If preferred in the bistro (canteen) on deck 10 where there is no table allocation. 
This does not apply for lunch and breakfast, you can sit anywhere you like in any of the restaurants 
Back to the meal, this is made up of 5 courses, each course having, I think, a selection of 4 items. 
The food was not bad at all, for mass catering of 1400 souls. 
Our fellow table dwellers appear not to be alcoholics like us pair, so did not partake of the wine, and didn’t go to the bars after.
During the meal we set sail on our way to Amsterdam, to pick up more passengers and as we learned later, to disembark some others who had been on the cruise before ours..
Whilst writing about our alcohol, I should point out that drinks aren’t free, so we lined up the drinks package which works out at £17 each per day for the length of the cruise. Let’s just say, whilst I’m not counting.. we got our monies worth!
Clocks forward an hour tonight, so to bed at around 1o’clock, picking up our 4th bag from the passage outside our cabin.

Day two
Not a bad nights sleep, mine a bit fitful, Pauline’s, whose been known to sleep on a clothes line, very good, in fact I had a job getting her out of bed for breakfast by 10am or 9am your time.
We decided not to disembark in Amsterdam, having arrived at dockside about noon.
The weather was grey and miserable, with a mist and a biting wind .
Not only that, and it’s not whimping out, but we’ve been here a good few times via the KLM Hopper out of Humberside Airport.
So we took the opportunity for Pauline to unpack all the bags, that’s something “we” haven’t done for most of our previous trips, which involved scrabbling around in the cases to find the fresh pair of underpants etc!
There is plenty of hanging and drawer space for the contents of our four cases
We then took the opportunity to get to know our home for the  next 41 days.
The Magellan has four and half decks of cabins, from deck 4 to 7, and the dozen or so posh suites are on deck 11 at the forward end.
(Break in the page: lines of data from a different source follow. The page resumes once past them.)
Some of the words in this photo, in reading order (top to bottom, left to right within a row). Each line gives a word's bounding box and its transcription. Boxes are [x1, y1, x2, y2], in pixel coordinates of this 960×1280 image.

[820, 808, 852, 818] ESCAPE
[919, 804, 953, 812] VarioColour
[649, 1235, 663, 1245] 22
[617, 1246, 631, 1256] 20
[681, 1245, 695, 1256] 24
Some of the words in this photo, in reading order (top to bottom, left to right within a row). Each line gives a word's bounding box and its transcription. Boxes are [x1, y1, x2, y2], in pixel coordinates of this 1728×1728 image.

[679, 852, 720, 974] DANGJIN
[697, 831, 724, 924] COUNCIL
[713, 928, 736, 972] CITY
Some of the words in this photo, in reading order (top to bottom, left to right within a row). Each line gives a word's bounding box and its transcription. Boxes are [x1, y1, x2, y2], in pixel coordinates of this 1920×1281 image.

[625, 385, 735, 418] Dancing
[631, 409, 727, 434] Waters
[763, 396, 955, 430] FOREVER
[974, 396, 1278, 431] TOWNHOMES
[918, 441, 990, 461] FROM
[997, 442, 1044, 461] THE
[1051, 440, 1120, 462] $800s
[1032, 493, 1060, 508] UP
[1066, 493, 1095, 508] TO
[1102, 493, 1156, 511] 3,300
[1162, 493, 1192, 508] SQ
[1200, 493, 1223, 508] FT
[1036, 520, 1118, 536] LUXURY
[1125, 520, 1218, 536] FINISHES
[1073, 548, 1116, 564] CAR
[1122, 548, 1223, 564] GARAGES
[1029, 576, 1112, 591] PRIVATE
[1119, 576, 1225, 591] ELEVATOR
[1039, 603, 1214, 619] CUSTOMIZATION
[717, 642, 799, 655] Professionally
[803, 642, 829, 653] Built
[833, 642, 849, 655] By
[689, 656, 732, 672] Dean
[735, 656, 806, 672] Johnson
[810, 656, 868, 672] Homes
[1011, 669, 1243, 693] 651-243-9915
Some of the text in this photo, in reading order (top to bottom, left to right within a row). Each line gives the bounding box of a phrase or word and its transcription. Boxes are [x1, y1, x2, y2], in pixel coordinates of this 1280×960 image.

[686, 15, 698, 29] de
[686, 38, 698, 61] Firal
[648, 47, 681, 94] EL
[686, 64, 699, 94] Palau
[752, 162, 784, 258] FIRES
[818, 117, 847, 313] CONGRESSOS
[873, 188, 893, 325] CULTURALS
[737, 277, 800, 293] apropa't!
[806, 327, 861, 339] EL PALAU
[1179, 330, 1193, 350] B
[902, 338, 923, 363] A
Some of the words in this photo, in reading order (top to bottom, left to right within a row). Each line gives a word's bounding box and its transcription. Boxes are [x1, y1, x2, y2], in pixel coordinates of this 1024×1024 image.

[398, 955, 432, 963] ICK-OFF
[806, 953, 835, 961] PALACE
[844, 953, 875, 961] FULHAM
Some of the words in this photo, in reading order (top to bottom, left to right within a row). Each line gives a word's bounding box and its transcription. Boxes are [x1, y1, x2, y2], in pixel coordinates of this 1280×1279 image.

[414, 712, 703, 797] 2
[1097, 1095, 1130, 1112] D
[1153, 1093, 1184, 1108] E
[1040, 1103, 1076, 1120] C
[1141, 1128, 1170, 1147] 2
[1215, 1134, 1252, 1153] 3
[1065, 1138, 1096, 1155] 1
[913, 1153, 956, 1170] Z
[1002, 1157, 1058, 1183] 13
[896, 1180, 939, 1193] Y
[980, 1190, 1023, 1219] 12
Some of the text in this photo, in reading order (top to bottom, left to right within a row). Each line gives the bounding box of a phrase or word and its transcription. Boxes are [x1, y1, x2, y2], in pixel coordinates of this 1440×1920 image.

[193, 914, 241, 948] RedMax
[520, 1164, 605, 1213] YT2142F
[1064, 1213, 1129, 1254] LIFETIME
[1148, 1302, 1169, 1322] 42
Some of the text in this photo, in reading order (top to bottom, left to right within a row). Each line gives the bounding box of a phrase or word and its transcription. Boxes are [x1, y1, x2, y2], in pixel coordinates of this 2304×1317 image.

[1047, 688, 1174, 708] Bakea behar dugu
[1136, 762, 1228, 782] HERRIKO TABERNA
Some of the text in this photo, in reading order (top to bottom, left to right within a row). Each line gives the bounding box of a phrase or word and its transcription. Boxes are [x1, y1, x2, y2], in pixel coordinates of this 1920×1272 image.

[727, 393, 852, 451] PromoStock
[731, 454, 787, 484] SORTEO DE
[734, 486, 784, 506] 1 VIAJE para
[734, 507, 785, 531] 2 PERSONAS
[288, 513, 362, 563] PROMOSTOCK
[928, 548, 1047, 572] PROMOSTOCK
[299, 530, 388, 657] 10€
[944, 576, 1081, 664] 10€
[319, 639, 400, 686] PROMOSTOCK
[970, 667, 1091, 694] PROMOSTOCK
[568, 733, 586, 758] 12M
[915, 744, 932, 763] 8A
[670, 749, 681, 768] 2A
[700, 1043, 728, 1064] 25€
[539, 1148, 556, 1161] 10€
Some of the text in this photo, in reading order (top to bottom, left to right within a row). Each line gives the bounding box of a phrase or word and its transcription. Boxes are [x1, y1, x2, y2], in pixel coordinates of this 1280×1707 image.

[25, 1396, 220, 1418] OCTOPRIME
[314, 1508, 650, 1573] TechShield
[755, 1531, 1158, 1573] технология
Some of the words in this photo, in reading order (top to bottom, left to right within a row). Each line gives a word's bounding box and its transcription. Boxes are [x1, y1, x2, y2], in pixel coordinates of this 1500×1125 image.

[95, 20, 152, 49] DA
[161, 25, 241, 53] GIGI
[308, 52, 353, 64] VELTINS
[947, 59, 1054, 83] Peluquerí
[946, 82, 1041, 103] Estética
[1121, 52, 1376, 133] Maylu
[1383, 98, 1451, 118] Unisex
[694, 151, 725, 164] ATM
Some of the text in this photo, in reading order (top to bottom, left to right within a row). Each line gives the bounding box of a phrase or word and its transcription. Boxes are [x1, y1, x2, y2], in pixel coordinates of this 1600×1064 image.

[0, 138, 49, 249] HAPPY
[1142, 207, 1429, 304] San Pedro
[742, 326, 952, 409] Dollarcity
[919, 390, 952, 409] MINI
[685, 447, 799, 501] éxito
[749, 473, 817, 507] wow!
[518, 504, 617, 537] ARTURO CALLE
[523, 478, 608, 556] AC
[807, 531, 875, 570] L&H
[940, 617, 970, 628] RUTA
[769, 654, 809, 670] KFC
The sun deck is on deck 12.
Decks 8,9 and 10 are the bars, restaurants and lounges. The main show lounge being up forward split over decks 8 and 9.










All in all a lazy day, the food is really good and so are the cabaret acts...so far.
We sailed out of Amsterdam at around 8pm. Bed tonight just after midnight.
More to drink than yesterday, I’m already thinking we should be steadying ourselves a bit, for our health.... it was a quiet day though!
We now have the start of around four days at sea on our way to Lisbon, Portugal.